Abstract n. 1:  Cancer. 2012 Feb 13. doi: 10.1002/cncr.26585. [Epub ahead of print]

Postoperative radiotherapy (PORT) for elderly patients (pazienti anziani) with stage III lung cancer (cancro del polmone in stadio III).

Division of General Internal Medicine, Mount Sinai School of Medicine, New York, New York; Division of Pulmonary, Critical Care, and Sleep Medicine, Mount Sinai School of Medicine, New York, New York. juan.wisnivesky@mssm.edu.

BACKGROUND:

The potential role of postoperative radiation therapy (PORT) for patients who have completely resected, stage III nonsmall cell lung cancer (NSCLC) with N2 disease remains controversial (la PORT rimane un trattamento controverso nei pazienti con cancro del polmone non a piccole cellule -NSCLC localmente avanzato).
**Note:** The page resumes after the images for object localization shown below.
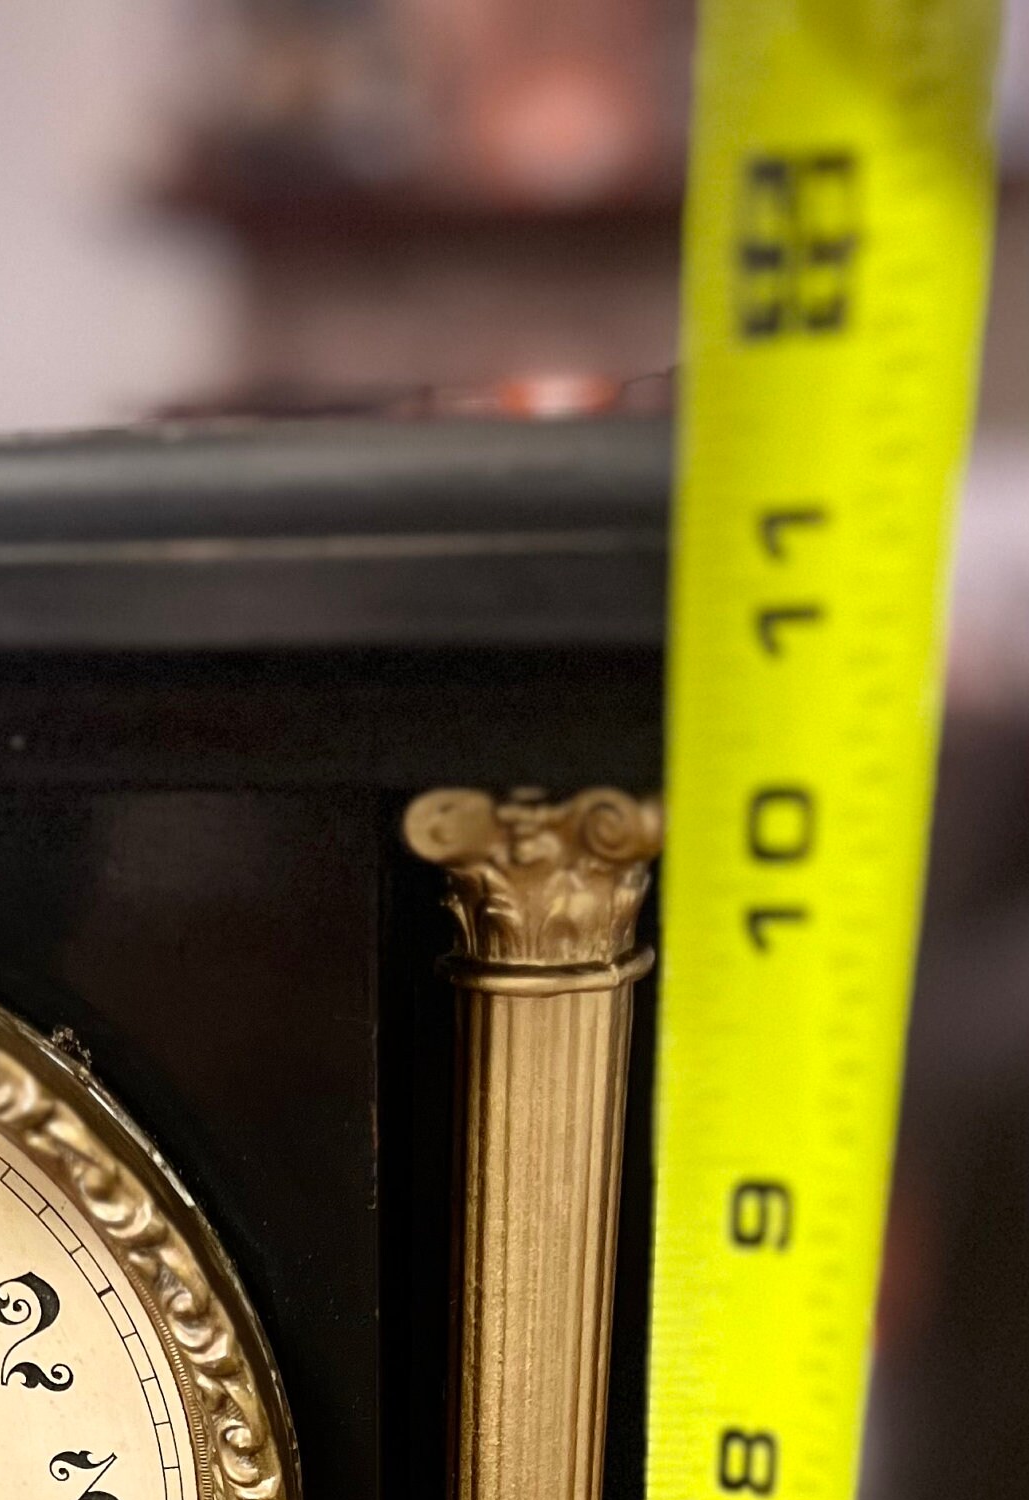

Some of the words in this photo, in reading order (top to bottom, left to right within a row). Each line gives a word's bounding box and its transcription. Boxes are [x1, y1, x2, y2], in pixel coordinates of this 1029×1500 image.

[756, 507, 829, 660] 11
[744, 783, 816, 952] 10
[731, 1179, 793, 1252] 9
[719, 1429, 776, 1497] 8
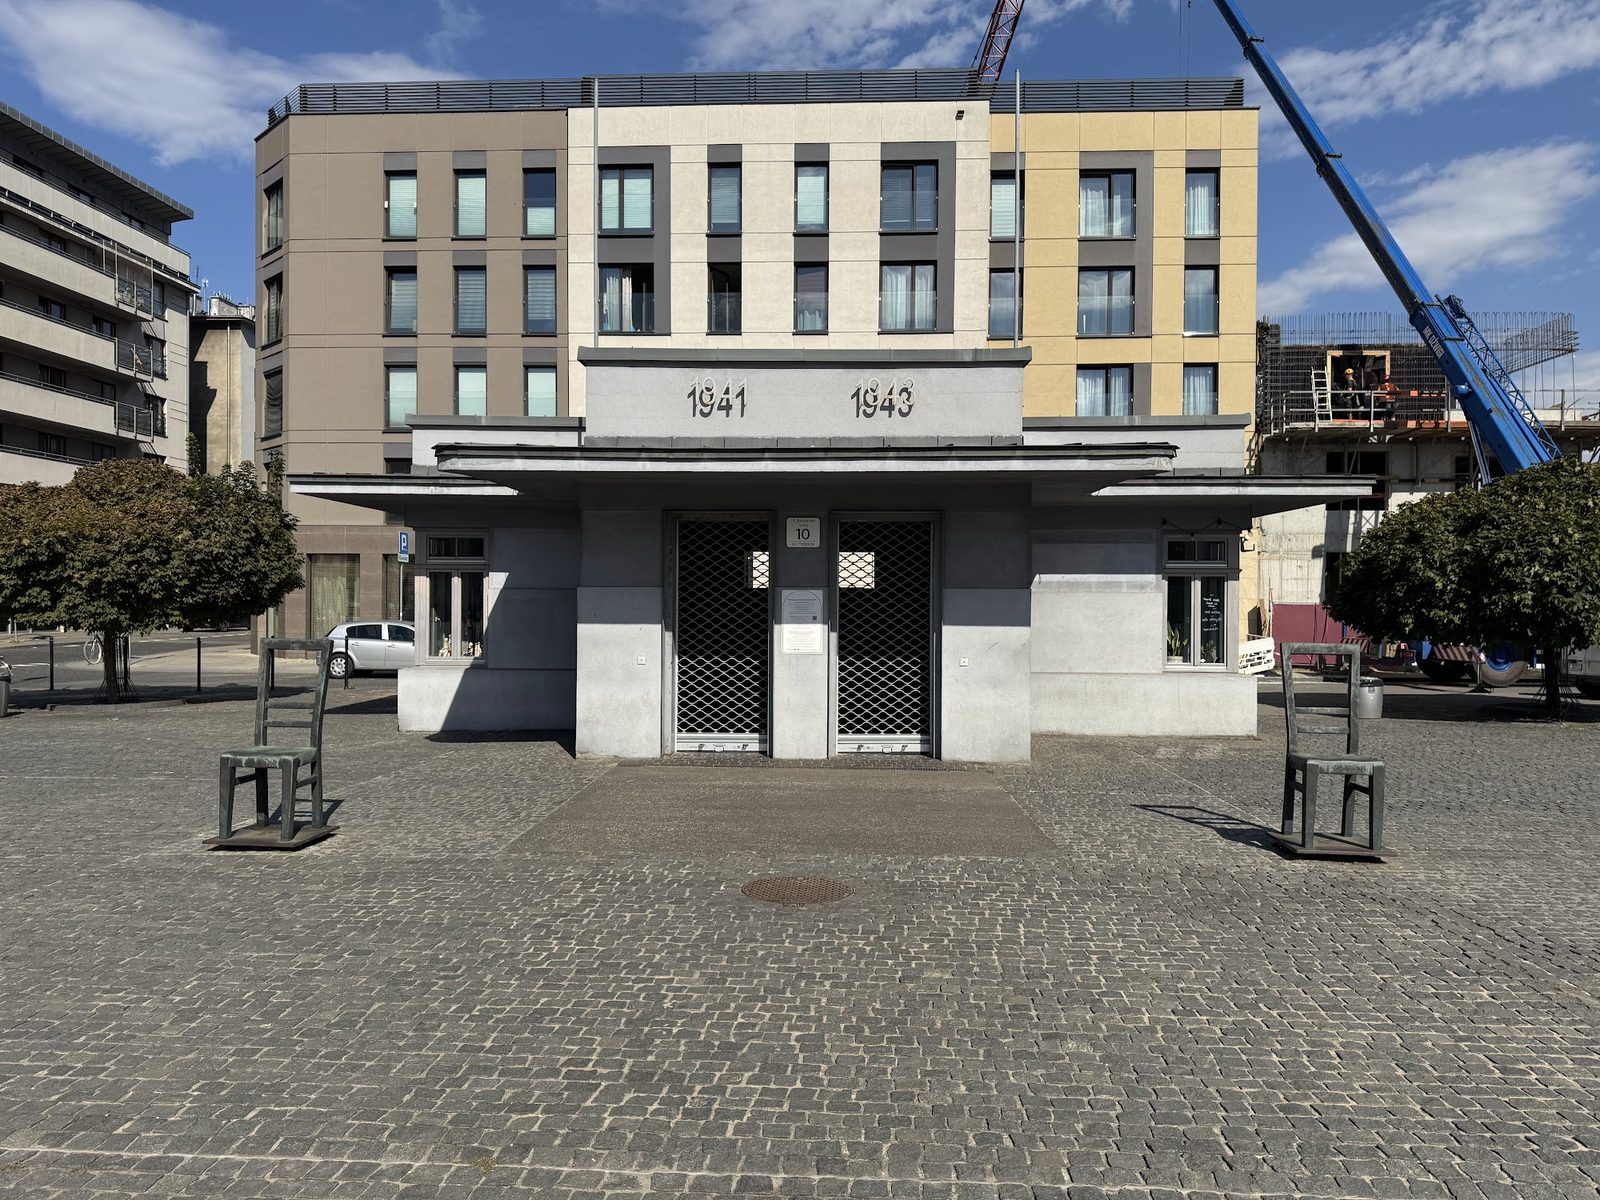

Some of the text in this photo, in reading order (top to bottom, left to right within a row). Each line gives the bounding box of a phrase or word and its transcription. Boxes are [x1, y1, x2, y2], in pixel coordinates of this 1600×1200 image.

[687, 376, 748, 418] 1941
[851, 377, 916, 418] 1943
[401, 534, 407, 551] P
[796, 528, 810, 540] 10
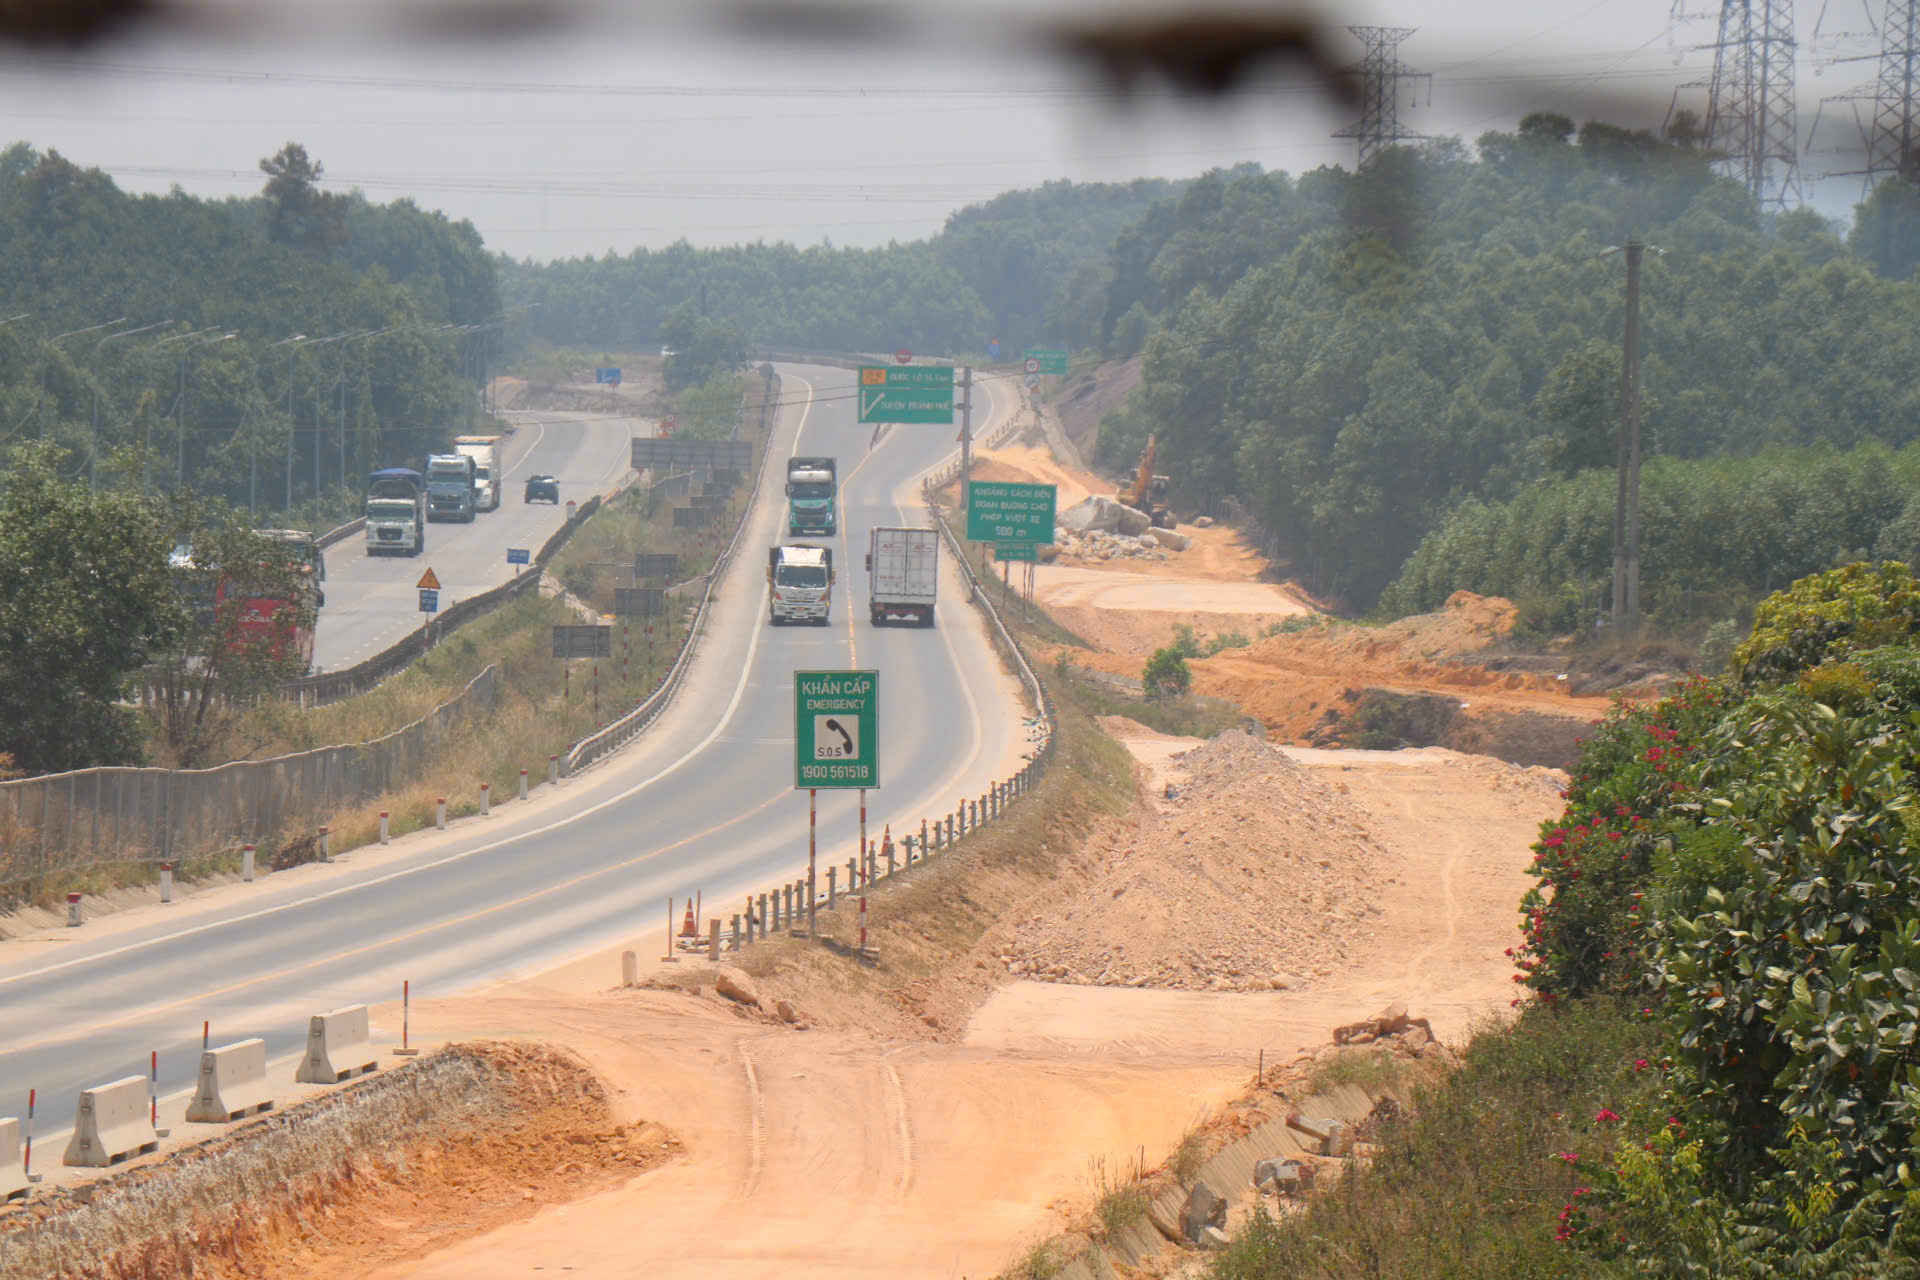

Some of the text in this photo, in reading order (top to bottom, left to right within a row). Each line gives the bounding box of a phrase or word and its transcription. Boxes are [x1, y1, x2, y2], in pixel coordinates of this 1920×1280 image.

[995, 526, 1013, 536] 500
[802, 675, 870, 695] KHẨN CẤP
[807, 699, 865, 709] EMERGENCY
[802, 765, 869, 778] 1900 561518
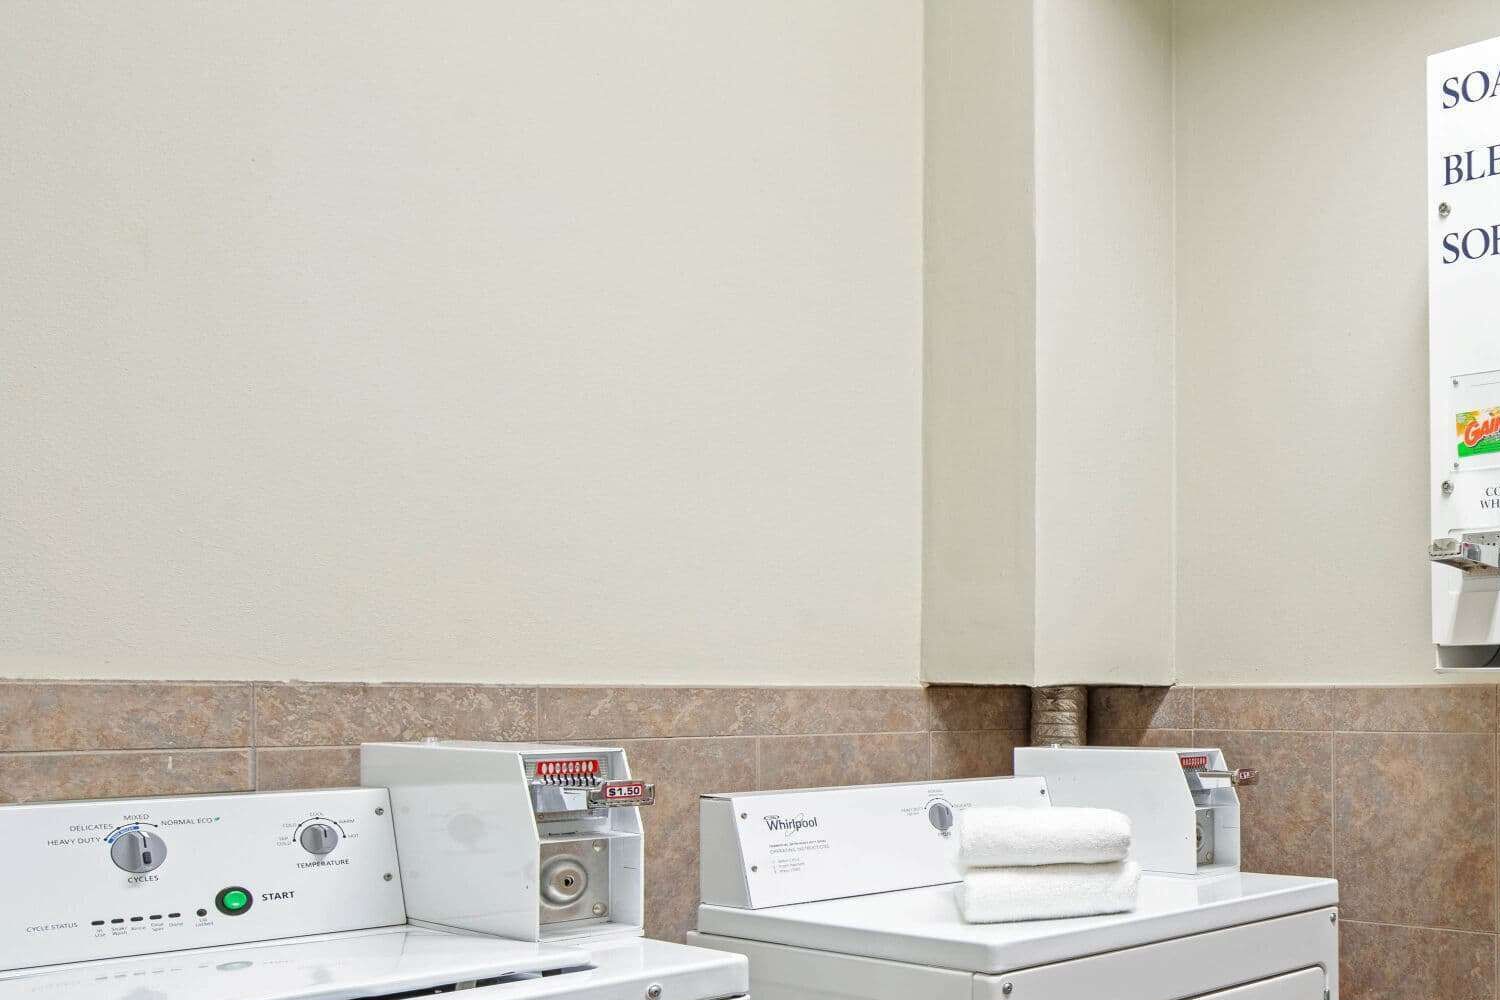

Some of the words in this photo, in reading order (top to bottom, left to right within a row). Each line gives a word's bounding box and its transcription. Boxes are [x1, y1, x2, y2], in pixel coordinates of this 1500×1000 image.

[608, 786, 640, 797] $1.50
[123, 813, 150, 821] MIXED
[69, 823, 113, 832] DELICATES
[161, 819, 196, 827] NORMAL
[766, 816, 818, 831] Whirlpool
[47, 838, 76, 846] HEAVY
[77, 836, 101, 844] DUTY
[296, 859, 350, 869] TEMPERATURE
[127, 875, 159, 884] CYCLES
[261, 890, 295, 901] START
[26, 924, 49, 933] CYCLE
[50, 921, 79, 931] STATUS
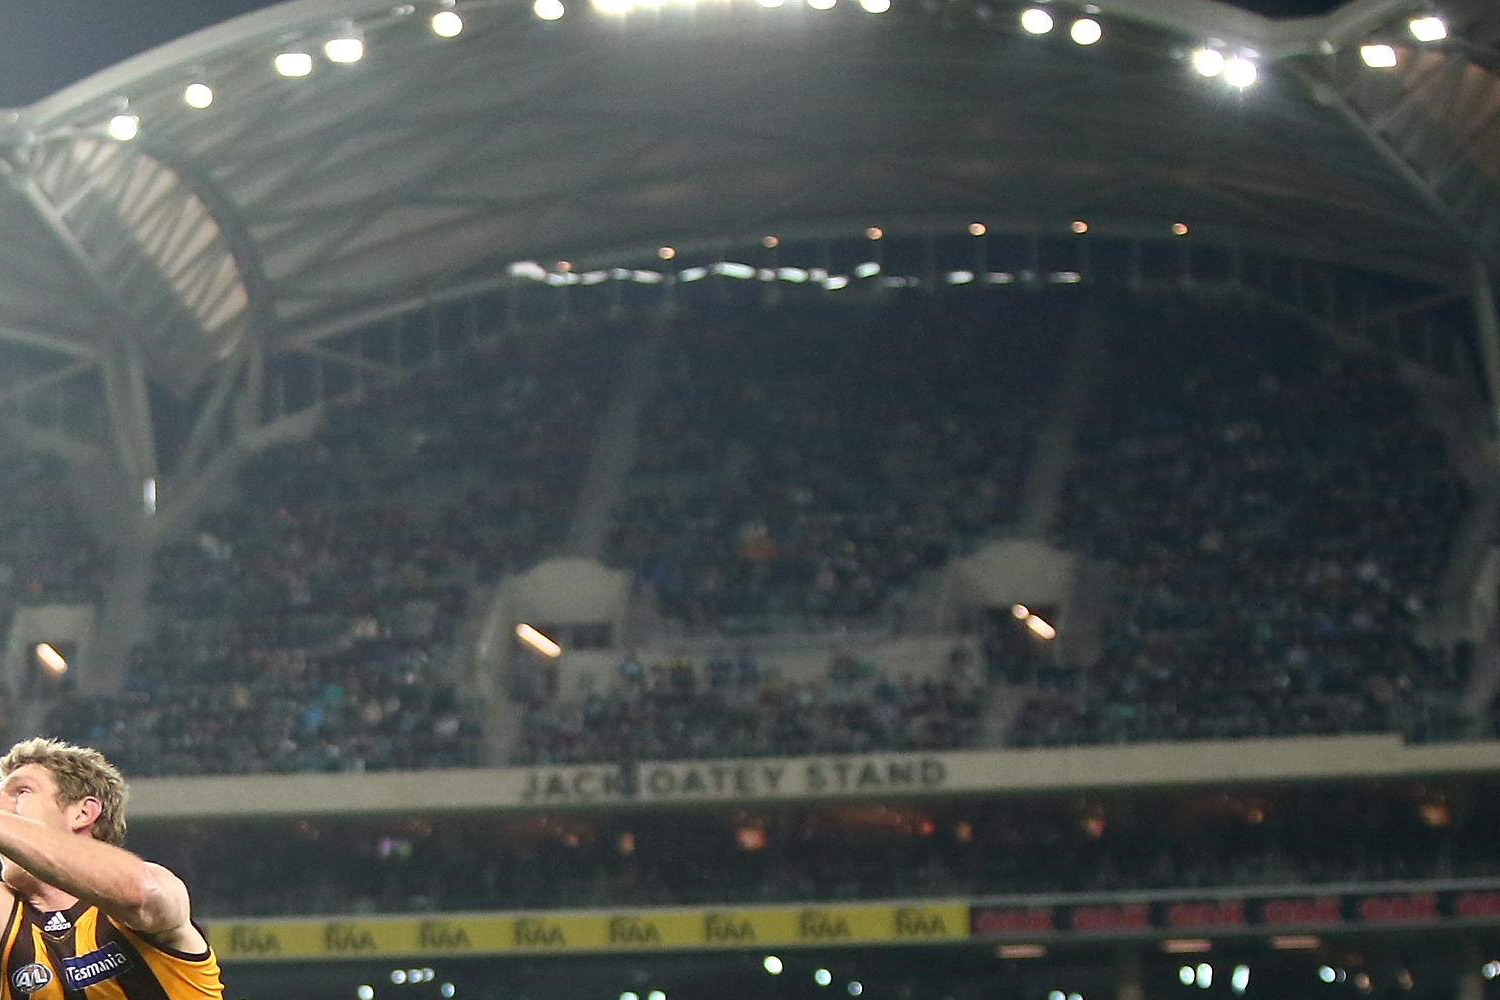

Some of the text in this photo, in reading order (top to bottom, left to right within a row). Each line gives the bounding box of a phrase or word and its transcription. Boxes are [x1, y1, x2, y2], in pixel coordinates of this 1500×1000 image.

By using population-based data, the authors of this report compared the survival of a concurrent cohort of elderly patients who had N2 disease treated with and without PORT.(Gli autori di questo studio hanno, perciò, inteso esplorare il valore della PORT in una popolazione anziana con linfonodi mediastinici metastatici -N2- utilizzando dati che provenivano da un grande registro tumorale americano, conosciuto come SEER),

METHODS:

By using the Surveillance, Epidemiology, and End Results (SEER) registry linked to Medicare records, 1307 patients were identified who had stage III NSCLC with N2 lymph node involvement diagnosed between 1992 and 2005. Propensity scoring methods and instrumental variable analysis were used to compare the survival of patients who did and did not receive PORT after controlling for selection bias.

RESULTS:

Overall, 710 patients (54%) received PORT. Propensity score analysis indicated that PORT was not associated with improved survival in patients with N2 disease (hazard ratio [HR], 1.11; 95% confidence interval [CI], 0.97-1.27). Analyses that were limited to patients who did or did not receive chemotherapy, who received intermediate-complexity or high-complexity radiotherapy planning, or adjusted for time trends produced similar results. The instrumental variable estimator for the absolute improvement in 1-year and 3-year survival with PORT was -0.04 (95% CI, -0.15 to 0.08) and -0.08 (95% CI, -0.24 to 0.15), respectively.

CONCLUSIONS:

The current data suggested that PORT is not associated with improved survival for elderly patients with N2 disease (Questo studio dimostra che non vi è beneficio nel trattare con PORT i pazienti anziani con malattia N2). These findings have important clinical implications, because SEER data indicate that a large percentage of elderly patients currently receive PORT despite the lack of definitive evidence about its effectiveness (Questa scoperta ha importanti implicazioni cliniche perché il registro tumorale SEER dimostra che ancora oggi una grande percentuale di pazienti anziani con malattia localmente avanzata sono ancora trattati con la PORT nonostante manchi di una qualunque prova di efficacia). The potential effectiveness of PORT should be evaluated further in randomized controlled trials. Cancer 2011;. © 2011 American Cancer Society.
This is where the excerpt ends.